Problem description
When you reach the records below, output every one exactly as written but leave out any pictures.

Supplied entries
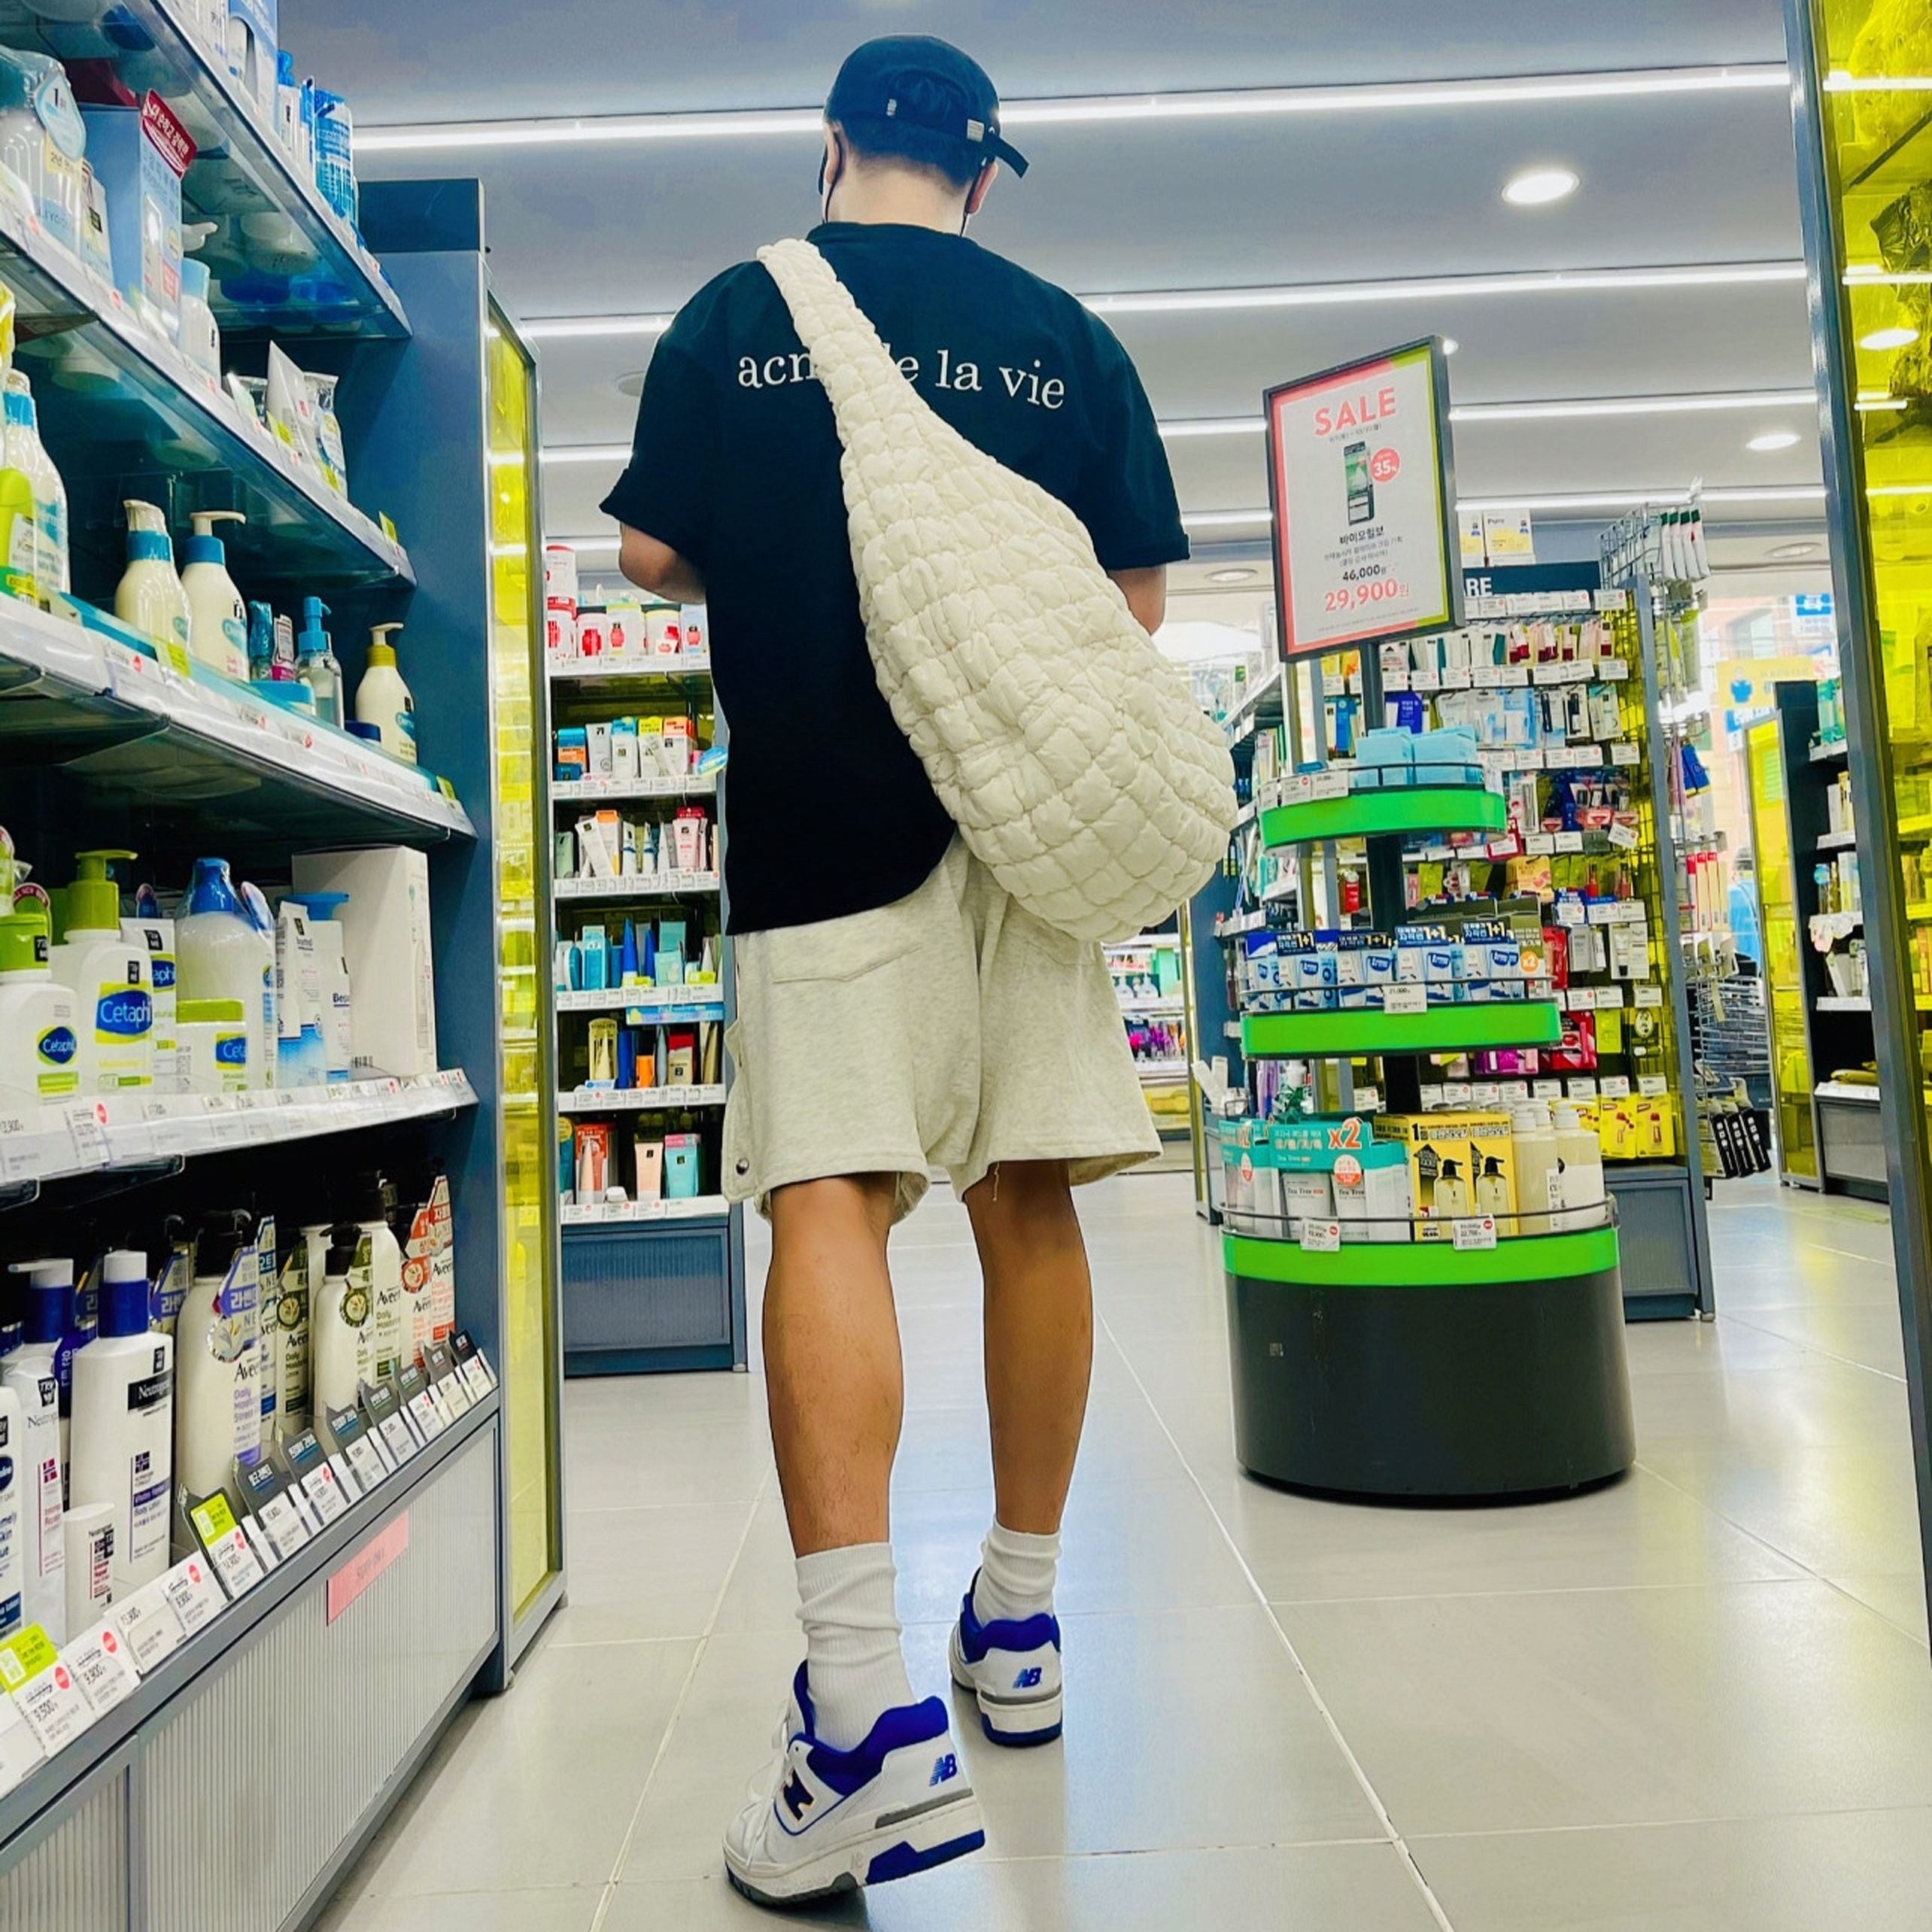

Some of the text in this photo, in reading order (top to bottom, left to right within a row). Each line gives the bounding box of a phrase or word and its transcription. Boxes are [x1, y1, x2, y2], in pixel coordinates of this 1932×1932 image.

[935, 349, 983, 392] la
[998, 360, 1065, 409] vie
[1314, 387, 1396, 436] SALE
[1324, 578, 1410, 612] 29,900원
[1463, 576, 1493, 598] RE
[1423, 925, 1445, 940] 1+1
[1487, 921, 1505, 937] 1+1
[100, 1001, 151, 1029] Cetaphi
[223, 1041, 246, 1059] Ceta
[1326, 1117, 1362, 1150] x2

Written answer
Some of the text in this photo, in reading order (top to bottom, left to right within a row). Each line gives the bounding box of a phrase or word and its transcription. Boxes are [x1, y1, x2, y2], in pixel coordinates of this 1932×1932 image.

[935, 349, 983, 392] la
[998, 360, 1065, 409] vie
[1314, 387, 1396, 436] SALE
[1324, 578, 1410, 612] 29,900원
[1463, 576, 1493, 598] RE
[1423, 925, 1445, 940] 1+1
[1487, 921, 1505, 937] 1+1
[100, 1001, 151, 1029] Cetaphi
[223, 1041, 246, 1059] Ceta
[1326, 1117, 1362, 1150] x2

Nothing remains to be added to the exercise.